What you will do>
Write the records out again without change. Leave the pictures behind.

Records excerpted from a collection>
:::::

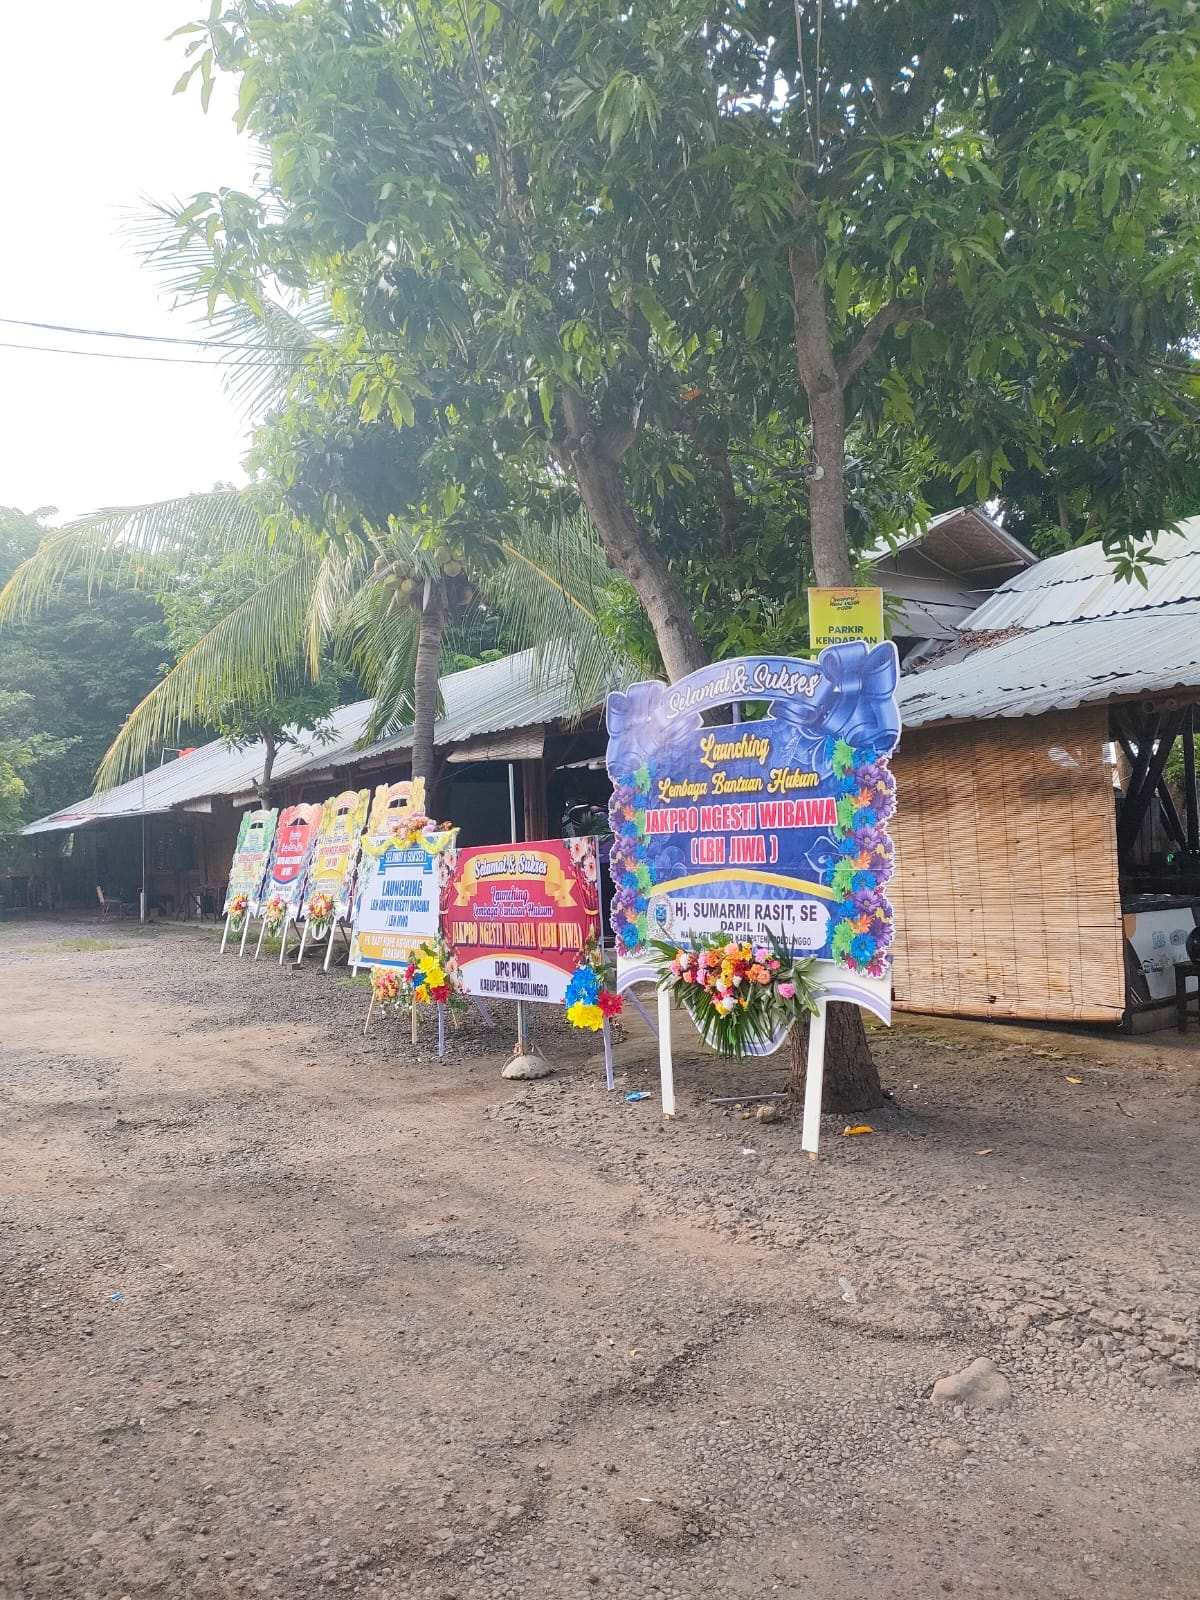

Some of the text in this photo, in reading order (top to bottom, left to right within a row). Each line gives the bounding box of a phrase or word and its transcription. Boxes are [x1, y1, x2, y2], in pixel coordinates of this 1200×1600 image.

[828, 625, 863, 634] PARKIR
[667, 664, 823, 718] Selamat & Sukses
[700, 733, 770, 768] Launching
[658, 767, 820, 803] Lembaga Bantuan Hukum
[645, 797, 838, 833] JAKPRO NGESTI WIBAWA
[729, 835, 766, 863] JIWA
[474, 855, 507, 878] Selamat
[518, 854, 548, 875] Sukses
[382, 879, 423, 897] LAUNCHING
[675, 902, 690, 920] Hj.
[693, 902, 750, 919] SUMARMI
[755, 904, 795, 924] RASIT,
[800, 905, 817, 921] SE
[721, 921, 753, 932] DAPIL
[495, 960, 530, 979] DPC PKDI
[480, 979, 548, 997] KABUPATEN PROBOLINGGO
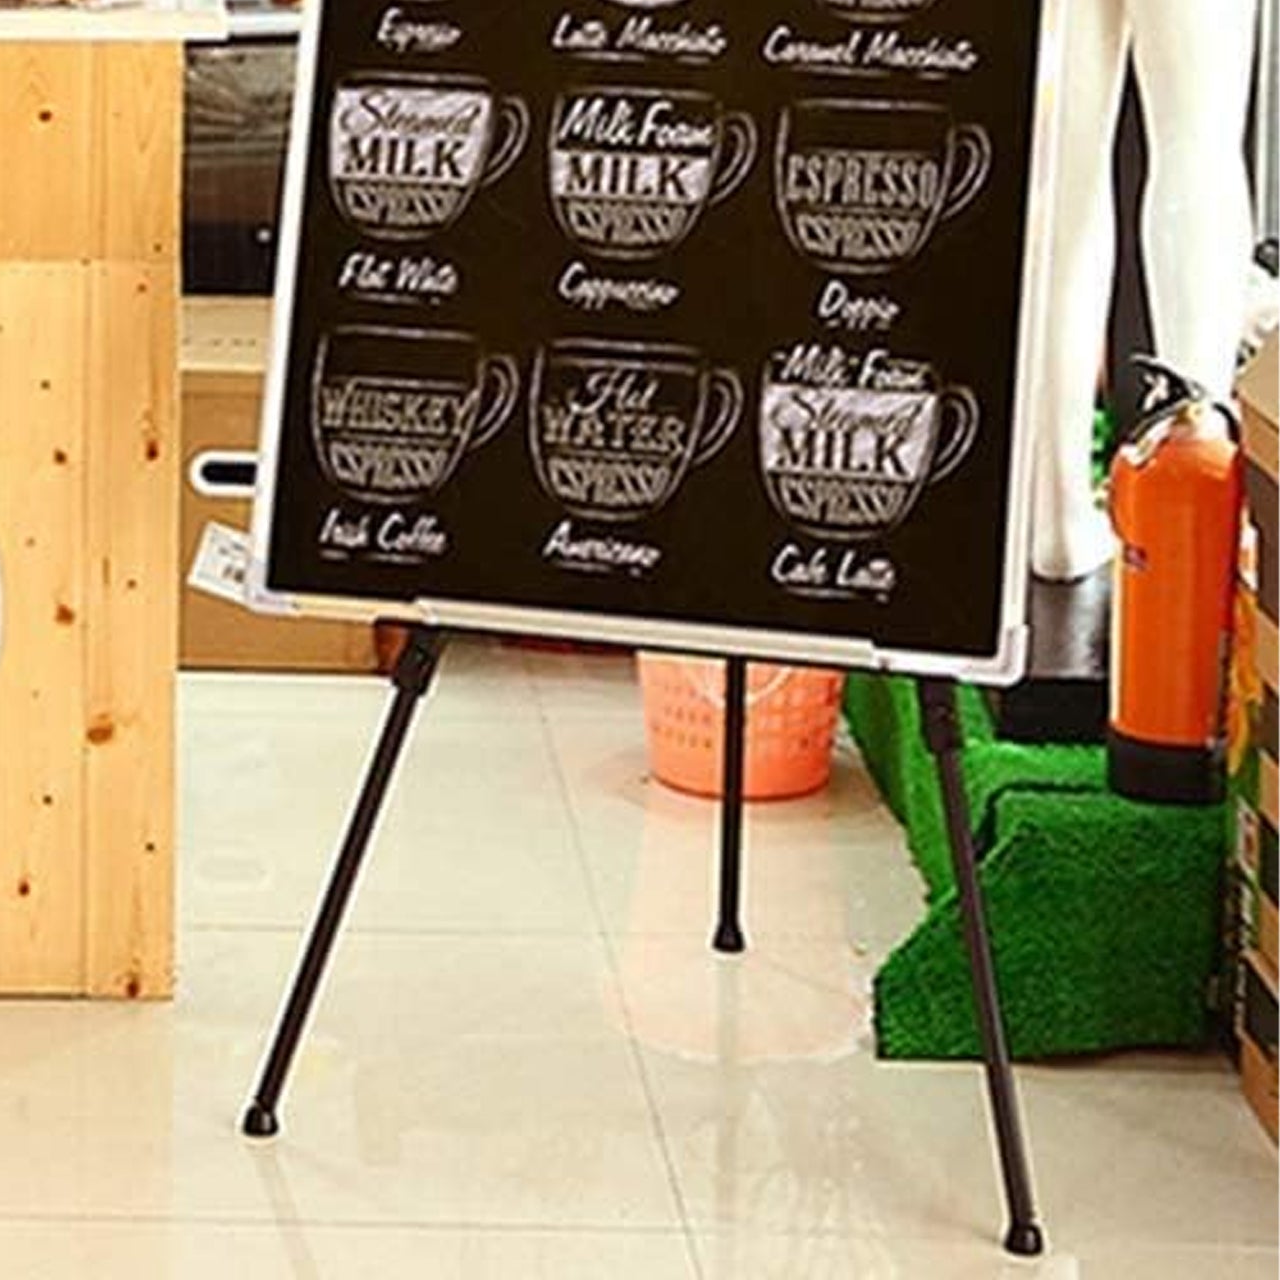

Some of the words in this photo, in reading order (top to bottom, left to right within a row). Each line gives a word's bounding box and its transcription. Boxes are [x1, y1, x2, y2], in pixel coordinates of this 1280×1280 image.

[345, 137, 463, 178] MILK
[566, 156, 688, 197] MILK
[787, 155, 938, 209] ESPRESSO
[321, 378, 480, 435] WHISKEY
[542, 406, 686, 460] WATER
[775, 427, 909, 477] MILK
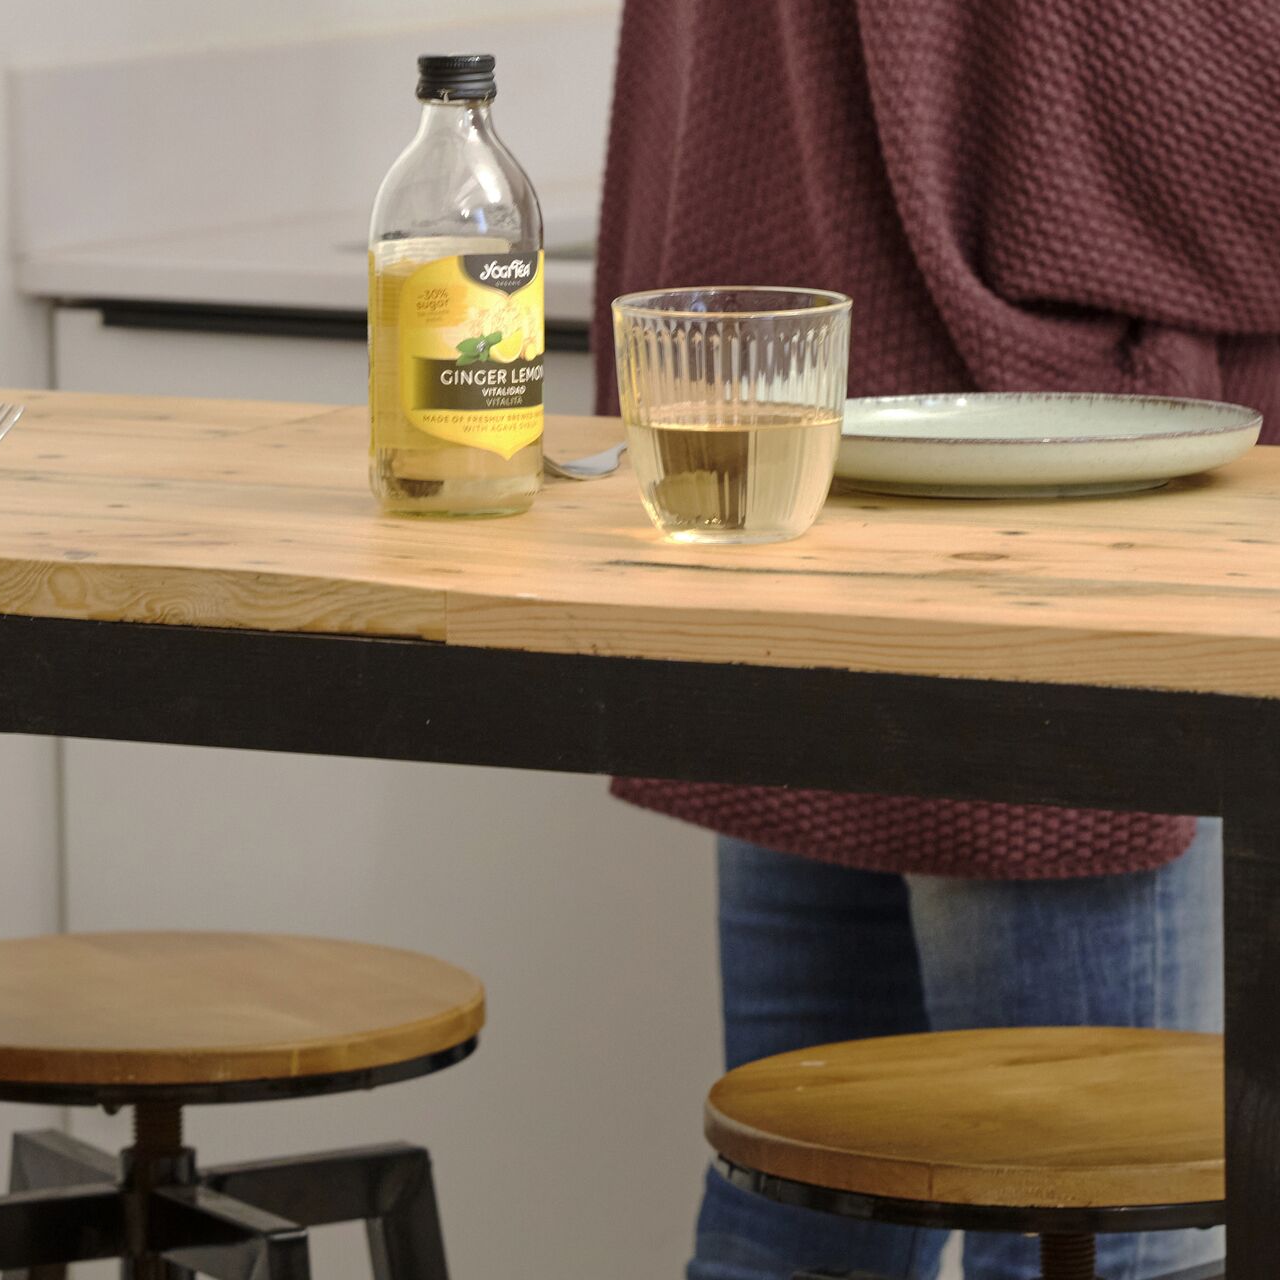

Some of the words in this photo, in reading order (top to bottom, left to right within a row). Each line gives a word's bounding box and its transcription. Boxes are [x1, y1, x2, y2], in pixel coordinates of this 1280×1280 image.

:::::

Solved exercise>
Some of the text in this photo, in reading order (top to bottom, left to right within a row). Each line gives the bounding box of a phrase or word and its transcription. Boxes are [x1, y1, x2, y2], in pixel coordinates of this 1200×1600 image.

[828, 625, 863, 634] PARKIR
[667, 664, 823, 718] Selamat & Sukses
[700, 733, 770, 768] Launching
[658, 767, 820, 803] Lembaga Bantuan Hukum
[645, 797, 838, 833] JAKPRO NGESTI WIBAWA
[729, 835, 766, 863] JIWA
[474, 855, 507, 878] Selamat
[518, 854, 548, 875] Sukses
[382, 879, 423, 897] LAUNCHING
[675, 902, 690, 920] Hj.
[693, 902, 750, 919] SUMARMI
[755, 904, 795, 924] RASIT,
[800, 905, 817, 921] SE
[721, 921, 753, 932] DAPIL
[495, 960, 530, 979] DPC PKDI
[480, 979, 548, 997] KABUPATEN PROBOLINGGO

Some of the words in this photo, in reading order (top to bottom, left to right within a row). Each line gives a word's bounding box and its transcription. Boxes are [x1, y1, x2, y2], in pixel coordinates of this 1280×1280 image.

[345, 137, 463, 178] MILK
[566, 156, 688, 197] MILK
[787, 155, 938, 209] ESPRESSO
[321, 378, 480, 435] WHISKEY
[542, 406, 686, 460] WATER
[775, 427, 909, 477] MILK

Some of the words in this photo, in reading order (top to bottom, left to right within a row). Each line gives a word's bounding box and its transcription. Boxes are [x1, y1, x2, y2], in pixel coordinates of this 1280×1280 image.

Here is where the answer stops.